Given a string s, find the longest palindromic subsequence within it and return its length.

A subsequence is derived from a string by deleting some or no characters without changing the order of the remaining characters. Unlike substrings, subsequences don't need to be contiguous.

What makes this challenging? A palindrome reads the same forwards and backwards (like "racecar"). You need to find the longest possible palindrome you can form by picking characters from the original string while maintaining their relative order.

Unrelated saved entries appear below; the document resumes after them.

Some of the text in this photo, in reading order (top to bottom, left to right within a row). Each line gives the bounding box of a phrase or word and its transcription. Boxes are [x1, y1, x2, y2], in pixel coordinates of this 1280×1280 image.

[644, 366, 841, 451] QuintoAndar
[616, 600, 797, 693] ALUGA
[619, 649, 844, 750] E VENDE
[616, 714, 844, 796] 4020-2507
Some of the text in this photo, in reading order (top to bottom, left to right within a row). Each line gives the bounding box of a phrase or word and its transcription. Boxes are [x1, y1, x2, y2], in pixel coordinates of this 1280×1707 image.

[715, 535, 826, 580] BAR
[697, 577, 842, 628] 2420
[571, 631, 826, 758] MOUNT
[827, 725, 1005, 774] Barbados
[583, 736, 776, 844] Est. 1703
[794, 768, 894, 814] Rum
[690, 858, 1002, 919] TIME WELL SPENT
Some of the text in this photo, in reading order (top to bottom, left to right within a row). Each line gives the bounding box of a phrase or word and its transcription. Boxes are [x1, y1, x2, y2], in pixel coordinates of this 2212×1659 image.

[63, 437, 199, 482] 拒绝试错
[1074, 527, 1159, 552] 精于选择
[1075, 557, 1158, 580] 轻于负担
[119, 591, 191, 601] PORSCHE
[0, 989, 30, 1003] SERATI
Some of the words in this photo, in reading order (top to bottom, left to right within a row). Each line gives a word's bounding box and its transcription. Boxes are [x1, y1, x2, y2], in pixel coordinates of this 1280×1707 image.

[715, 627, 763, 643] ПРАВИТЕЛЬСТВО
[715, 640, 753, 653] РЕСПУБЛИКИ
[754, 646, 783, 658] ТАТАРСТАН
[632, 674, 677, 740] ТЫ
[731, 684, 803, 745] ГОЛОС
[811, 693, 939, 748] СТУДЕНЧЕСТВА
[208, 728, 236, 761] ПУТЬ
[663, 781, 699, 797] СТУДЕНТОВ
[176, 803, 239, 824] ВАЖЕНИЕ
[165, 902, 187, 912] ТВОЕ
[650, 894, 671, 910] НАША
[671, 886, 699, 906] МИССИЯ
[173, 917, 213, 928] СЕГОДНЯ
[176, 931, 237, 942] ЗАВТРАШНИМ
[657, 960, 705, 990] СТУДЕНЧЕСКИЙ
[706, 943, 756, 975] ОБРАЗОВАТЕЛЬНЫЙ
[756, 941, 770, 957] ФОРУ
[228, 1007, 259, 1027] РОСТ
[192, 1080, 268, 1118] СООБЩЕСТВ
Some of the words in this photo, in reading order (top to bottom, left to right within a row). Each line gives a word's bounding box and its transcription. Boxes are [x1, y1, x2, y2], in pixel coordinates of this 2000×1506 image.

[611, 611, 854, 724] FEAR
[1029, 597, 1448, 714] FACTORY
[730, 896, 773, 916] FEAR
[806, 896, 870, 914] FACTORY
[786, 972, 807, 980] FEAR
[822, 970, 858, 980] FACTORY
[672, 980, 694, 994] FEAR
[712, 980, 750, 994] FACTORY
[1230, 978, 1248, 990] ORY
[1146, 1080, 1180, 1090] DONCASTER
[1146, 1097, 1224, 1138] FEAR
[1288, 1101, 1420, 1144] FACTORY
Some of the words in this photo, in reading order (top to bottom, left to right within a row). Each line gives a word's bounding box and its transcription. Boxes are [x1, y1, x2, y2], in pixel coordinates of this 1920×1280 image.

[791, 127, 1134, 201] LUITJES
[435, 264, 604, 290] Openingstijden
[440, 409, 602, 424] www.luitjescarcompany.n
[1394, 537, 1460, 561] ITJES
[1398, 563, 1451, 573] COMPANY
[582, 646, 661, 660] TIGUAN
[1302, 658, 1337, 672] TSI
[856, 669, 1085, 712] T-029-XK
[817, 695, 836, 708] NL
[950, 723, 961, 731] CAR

Example: In the string "bbbab", you can pick characters at positions 0,1,2 and 4 to form "bbbb" (length 4), which is the longest palindromic subsequence.

Input & Output

example_1.py — Basic Case

$ Input: s = "bbbab"

› Output: 4

💡 Note: The longest palindromic subsequence is "bbbb" (taking characters at positions 0, 1, 2, and 4), which has length 4.

example_2.py — Mixed Characters

$ Input: s = "cbbd"

› Output: 2

💡 Note: The longest palindromic subsequence is "bb" (taking characters at positions 1 and 2), which has length 2.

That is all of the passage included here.